Traffic to and from the InMage server from the primary enterprise site needs to be forwarded to the IPsec tunnel for encryption or decryption.

This was accomplished by setting up a static site-to-site tunnel between the SP and enterprise, placing the IPsec-inside interface on Gold server VLAN 1 and the outside interface on Gold server VLAN 2.

InMage traffic from the enterprise LAN will be send to the ASA-outside interface residing on server VLAN 2.

Once received traffic is decrypted by the ASA, it will be forwarded to InMage servers residing on server VLAN 1 via the IPsec-inside interface.

InMage traffic from the SP to Enterprise is accomplished by adding static routes on the CX and MT server pointing to the inside interface of the ASA.

Once received traffic is encrypted by the ASA, it will be forwarded out of the ASA-outside interface residing on server VLAN 2 towards the HSRP address of the private VRF interface.

Once encrypted traffic is received in server VLAN 2, normal VMDC traffic flow occurs.

See Figure 3-31 for details.

Figure 3-31 V2V Traffic Flow (Gold Container)

Figure 3-31 is an example of V2V Traffic flow between the Enterprise InMage PS server and the SP MT:

From 6.6.1.9 (Enterprise InMage processing server)

Destination 8.8.1.8 (SP InMage MT)

Tunnel Source—Enterprise ASA IPsec-outside interface: 6.6.2.9

Tunnel Destination—SP ASA IPsec-outside interface: 8.8.2.8

Enterprise

1. PS receives changes from data tap on primary server.

2. PS sends traffic (6.6.1.9, 8.8.1.8) to IPsec router.
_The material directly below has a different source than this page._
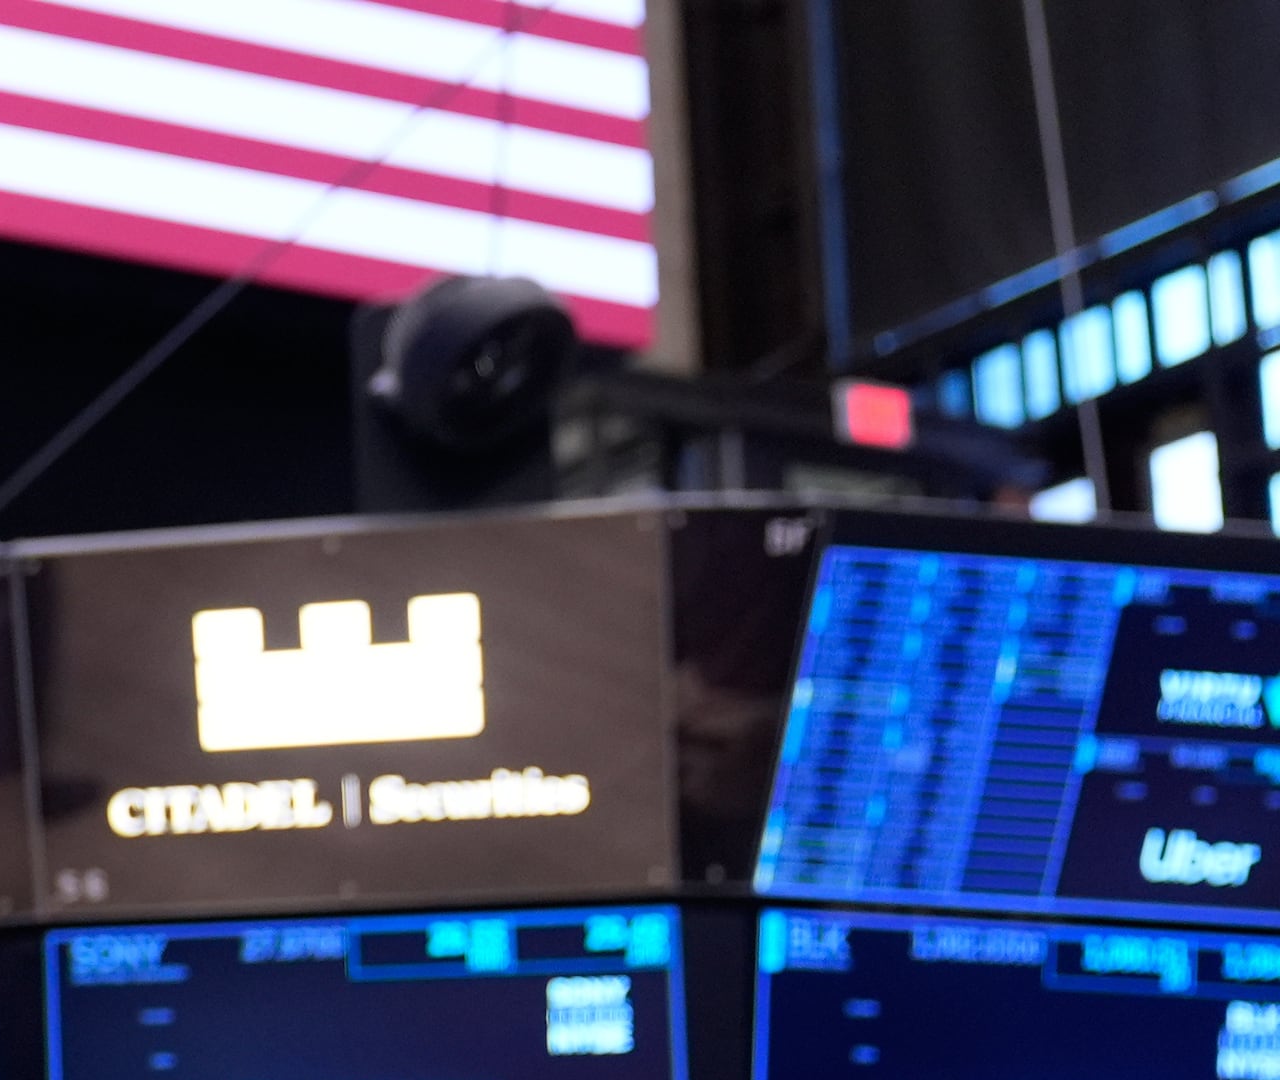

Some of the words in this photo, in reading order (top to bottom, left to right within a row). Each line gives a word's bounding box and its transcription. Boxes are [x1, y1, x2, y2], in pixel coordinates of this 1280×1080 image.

3. IPsec router encrypts the traffic and sends re-encapsulated packet with (6.6.2.9, 8.8.2.9) to SP.

Service Provider

1. IPsec-encrypted traffic with (6.6.2.9, 8.8.2.9) is received by ASR 1000.

2. ASR 1000 forwards (6.6.2.9, 8.8.2.9)to the aggregation Nexus 7000 public VRF.

3. (6.6.2.9, 8.8.2.9) is routed from Nexus 7000 public VRF to Nexus 7000 private VRF via the vFW.

4. (6.6.2.9, 8.8.2.9) is send to ASA IPsec-outside interface for decryption.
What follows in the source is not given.